In summarizing our prepared comments, I believe Sonus represents an outstanding value opportunity for shareholders. Today we're trading at about 50% of cash value. We have a novel oncology product in the Phase 1 trial, and our goal is to initiate a Phase II trial later this year. We have preserved a team that has the ability to rebound from a disappointing event and create value. We've identified a number of outstanding opportunities to access additional product candidates that would leverage our internal pipeline, our capabilities and our cash. In short, I believe this is an exciting opportunity to redefine Sonus as an oncology development Company with several product candidates in the clinic.
Before closing I want to say how proud I am of all of our employees and grateful that they've continued to be dedicated to our mission to develop cancer drugs that provide a better combination of efficacy and safety for patients. With that, I would now like to open the line up for questions. Operator.
Operator
Thank you, sir. (OPERATOR INSTRUCTIONS) Our first question comes from the line of Matt Kaplan with Punk, Ziegel.
- Analyst
Couple questions, one for Neil, Neil, give us a sense when we could see some of the Phase I data for the SN -- for the 2310 program?
- VP, Regulatory Affairs, Quality Assurance
Matt, this Elaine Waller.

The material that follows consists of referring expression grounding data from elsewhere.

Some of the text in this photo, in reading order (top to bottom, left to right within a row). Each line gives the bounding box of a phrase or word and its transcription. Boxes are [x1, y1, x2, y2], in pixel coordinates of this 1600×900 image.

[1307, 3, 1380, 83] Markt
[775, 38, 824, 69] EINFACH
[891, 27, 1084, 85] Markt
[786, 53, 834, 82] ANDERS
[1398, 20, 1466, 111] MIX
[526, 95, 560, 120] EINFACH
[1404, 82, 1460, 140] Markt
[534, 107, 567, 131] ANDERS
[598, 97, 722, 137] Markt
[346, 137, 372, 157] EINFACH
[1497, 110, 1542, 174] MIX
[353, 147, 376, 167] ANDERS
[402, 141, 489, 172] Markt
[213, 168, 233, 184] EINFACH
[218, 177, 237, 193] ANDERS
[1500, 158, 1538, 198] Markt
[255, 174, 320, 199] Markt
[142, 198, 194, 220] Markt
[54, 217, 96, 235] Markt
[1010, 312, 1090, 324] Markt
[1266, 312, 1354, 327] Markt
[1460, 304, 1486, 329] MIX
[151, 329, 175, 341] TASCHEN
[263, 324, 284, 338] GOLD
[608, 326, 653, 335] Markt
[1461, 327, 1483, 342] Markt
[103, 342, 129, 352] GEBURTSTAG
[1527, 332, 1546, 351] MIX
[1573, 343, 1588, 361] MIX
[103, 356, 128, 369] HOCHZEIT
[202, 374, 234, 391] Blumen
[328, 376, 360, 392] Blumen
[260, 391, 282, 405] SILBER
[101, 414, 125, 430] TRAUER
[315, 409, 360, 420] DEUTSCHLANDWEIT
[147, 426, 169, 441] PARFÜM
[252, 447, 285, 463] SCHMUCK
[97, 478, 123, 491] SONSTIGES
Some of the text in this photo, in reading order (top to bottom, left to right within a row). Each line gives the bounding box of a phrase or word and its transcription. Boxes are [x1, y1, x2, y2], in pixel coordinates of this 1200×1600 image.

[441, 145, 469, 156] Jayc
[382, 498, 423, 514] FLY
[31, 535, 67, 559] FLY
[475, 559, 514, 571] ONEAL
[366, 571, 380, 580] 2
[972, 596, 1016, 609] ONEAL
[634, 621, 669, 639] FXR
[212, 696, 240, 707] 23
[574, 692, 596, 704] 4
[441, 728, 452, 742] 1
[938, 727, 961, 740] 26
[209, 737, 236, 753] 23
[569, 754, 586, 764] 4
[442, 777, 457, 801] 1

I would -- as discussed in the call, we anticipate that trial being completed later this year, and it is our intent that once those data are available to publish those results, assuming they are positive, which we have every reason to believe now that they will be, and so we do intend to publish, and those would be made available within that process.
- Analyst
So you will wait to publish those results at a medical meeting or a journal, or will you -- when you say publish, will you publish them as a press release?
- VP, Regulatory Affairs, Quality Assurance
Certainly, we would publish them in an abstract form at one of the medical meetings.
- Analyst
Then based on the results that you're seeing so far, you seem very comfortable that you're going to be pushing it into Phase II.

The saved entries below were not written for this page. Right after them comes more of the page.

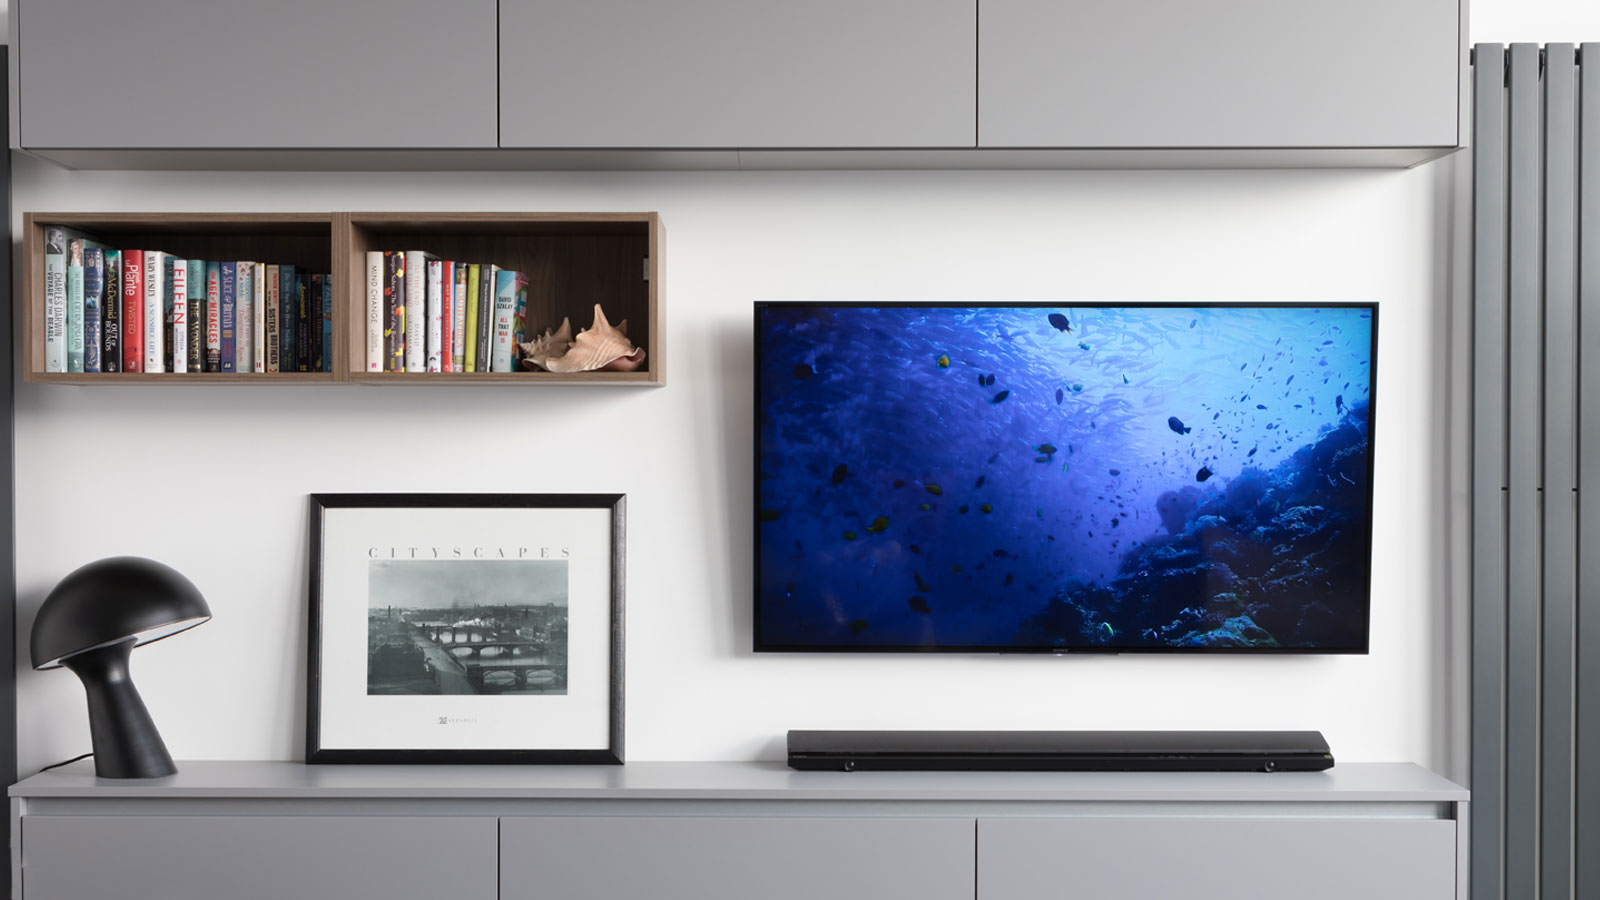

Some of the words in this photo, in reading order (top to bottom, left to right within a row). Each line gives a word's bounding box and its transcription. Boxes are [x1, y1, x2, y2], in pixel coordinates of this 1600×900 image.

[148, 256, 156, 273] MARY
[414, 264, 420, 273] TO
[54, 272, 63, 305] CHARLES
[125, 265, 139, 296] Plante
[148, 274, 156, 297] WESLEY
[209, 280, 218, 297] AGE
[173, 269, 186, 326] EILEEN
[190, 301, 199, 318] THE
[496, 302, 513, 310] SZALAY
[54, 307, 63, 337] DARWIN
[128, 300, 136, 334] TWISTED
[208, 302, 218, 344] MIRACLES
[268, 308, 276, 333] SISTERS
[190, 321, 200, 360] WONDER
[456, 318, 465, 349] AFRICA
[270, 334, 278, 364] BROTHERS
[368, 547, 570, 559] CITYSCAPES

- VP, Regulatory Affairs, Quality Assurance
Well, as I said, we are already doing preliminary planning for our Phase II. So I think that tells you our level of confidence in being able to determine the maximum tolerated dose and being able to move forward.
- Analyst
And will the Phase II be in the form of a active control study, or what are you contemplating at this point?
- VP, Regulatory Affairs, Quality Assurance
We are planning to do an active control trial, yes.
- Analyst
And then just a question for Mike. You made some comments that -- about some of the programs that you're looking at externally, a number of those programs look attractive. Could you give us a little bit more sense in terms of what some of those programs look like just in a broad sense?
- President, CEO
Well, I really can't, Matt, at this point beyond the comments that I have already made. That they are, at this point all in oncology. I would say that earlier in the process we ventured outside that therapeutic area but have come back to the as an area that we know pretty well.
- Analyst
I guess, can you say if they're clinical stage or preclinical stage?
- President, CEO
I can tell you at this point that most of the current opportunities would involve assets that are in the clinic. Some of those may involve other assets as well and earlier stages of development. We are also looking at a number of opportunities with late stage preclinical candidates that we believe have novel mechanisms of action, have the potential to be first in class. Those opportunities may not be sufficient on a stand-alone basis, but in combination with other potential opportunities, could all be very interesting ways to achieve our goal, which is a broader and deeper pipeline of clinical or near clinical stage assets. And by near clinical stage I would say that 12 months from the time of acquiring them to getting to the clinic is kind of the outside parameter. We'd like it to be earlier than that.
- Analyst
Okay. Thank you.
- President, CEO
Thank you, Matt.
Operator
Thank you, sir. Our next question comes from the line of David Miller with Biotech Stock Research. Please go ahead.
- Analyst
Great. Thanks for take my questions.
- President, CEO
Hi, David.
- Analyst
In the Phase I trial, as you are searching for maximum tolerated dose, it sounds like you're getting some sort of a variable marrow toxicity so that maybe some patients may be more susceptible to that than others. If I have that right, have you made any either to try to figure out if there's markets, you're looking at the population which ones might be more susceptible than others?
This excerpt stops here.